Sixteen healthy participants (eight women) were recruited (mean age 31.6 years, [range 21–71 years] and mean BMI 22.6 ± 3.0 kg/cm2), and completed all the NW and SS paradigms of variable duration and complexity. A majority of participants (n = 14) were right-handed and two subjects were ambidextrous, following assessment with the Edinburgh handedness inventory. Half of all participants had Asian background, six were Caucasian, and two subjects had Caribbean and African ancestry, respectively. Eight people abstained from alcohol and two subjects were current smokers. Absolute mean (SD) values of baseline CBFV did not show a significant difference between right hemisphere (RH) and left hemisphere (LH) at 66.8 (11.4) and 64.8 (11.4) cm/s, respectively. Baseline values for mean BP, HR and EtCO2 were 89.7 (9.4) mmHg, 70.8 (8.1) bpm and 38.5 (3.1) mmHg, respectively.

Temporal CBFV responses during cognitive paradigms

The overall paradigm-synchronized patterns of bilateral cerebral haemodynamic coherent averages for the whole population with increasing complexity of NW (Fig 2A–2C) and SS (Fig 2D–2F) showed considerable similarity.
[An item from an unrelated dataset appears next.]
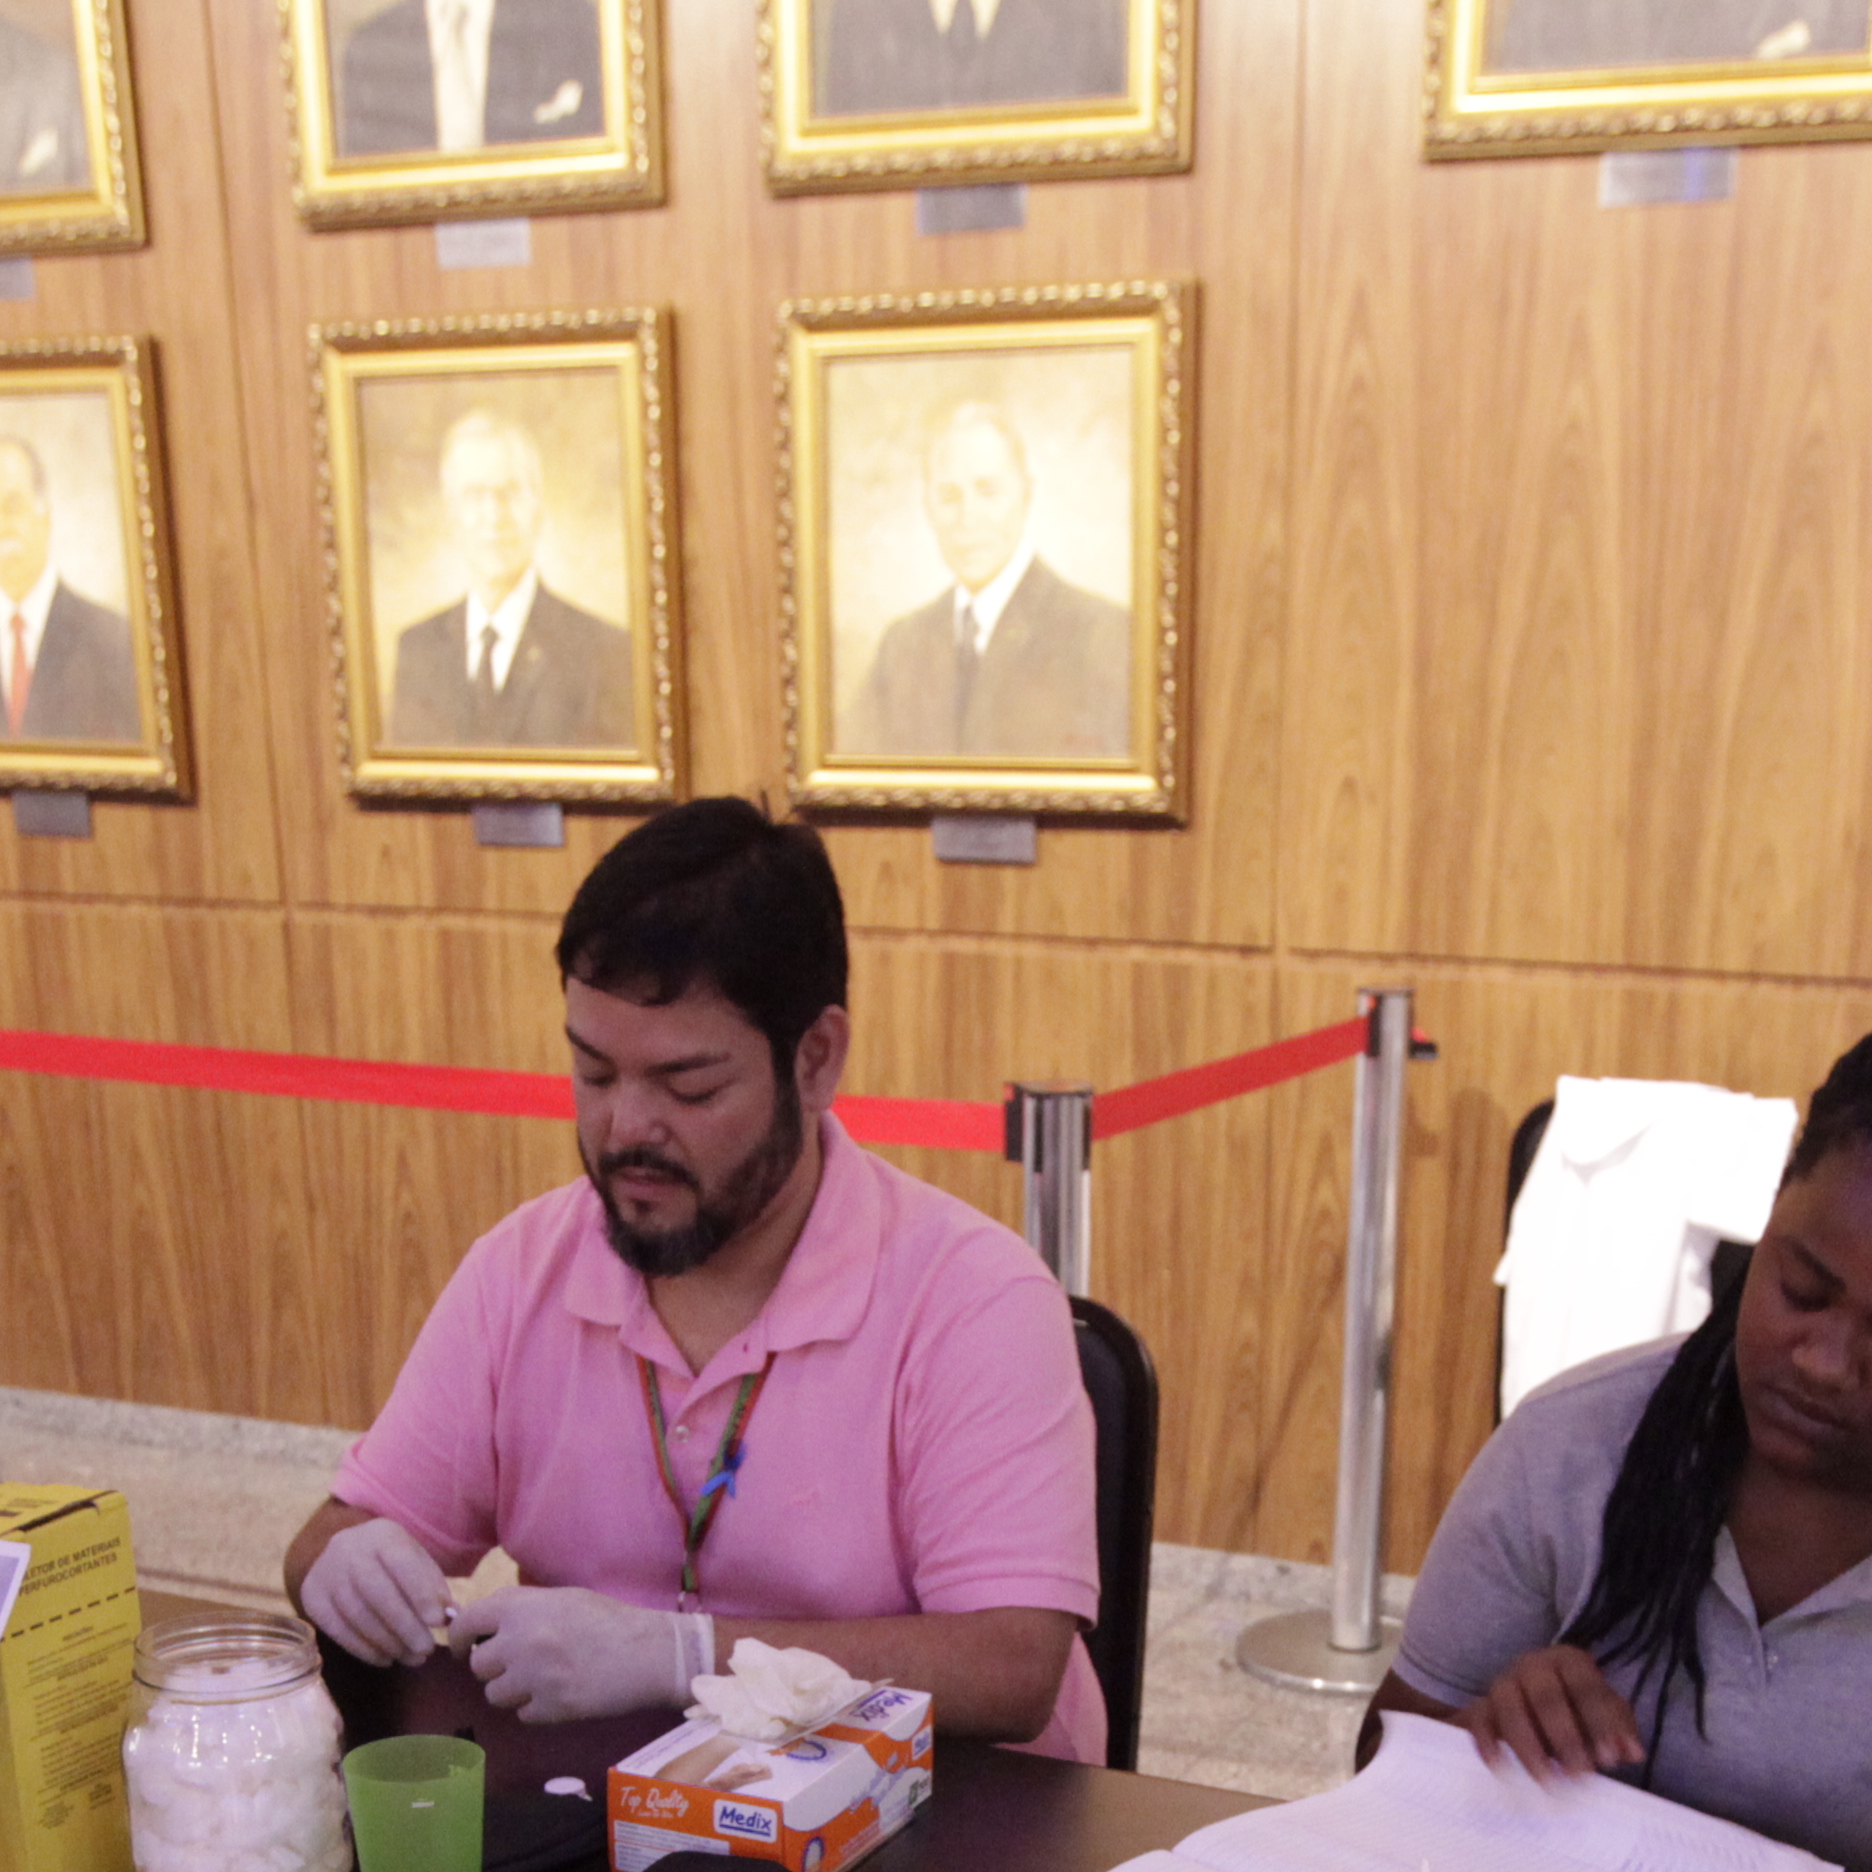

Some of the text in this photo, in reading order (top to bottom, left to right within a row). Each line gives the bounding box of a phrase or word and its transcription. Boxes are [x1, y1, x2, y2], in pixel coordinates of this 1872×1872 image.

[24, 1537, 121, 1581] LETOR DE MATERIAIS
[620, 1786, 690, 1818] Top Quality
[719, 1805, 773, 1833] Medix
A rapid increase in bilateral CBFV was observed at the start of stimulation (grey bar), with the largest peak around T2 and reducing rapidly towards baseline values before T3, around 25s after stimulation. There was a further small rise in CBFV around T3, except for SS (100–2), and a steady return to baseline after the paradigm was completed at approximately 20s. The 2-way ANOVA confirmed a highly significant effect of time for NW and SS (Fig 2 and Table 1, p < 0.001).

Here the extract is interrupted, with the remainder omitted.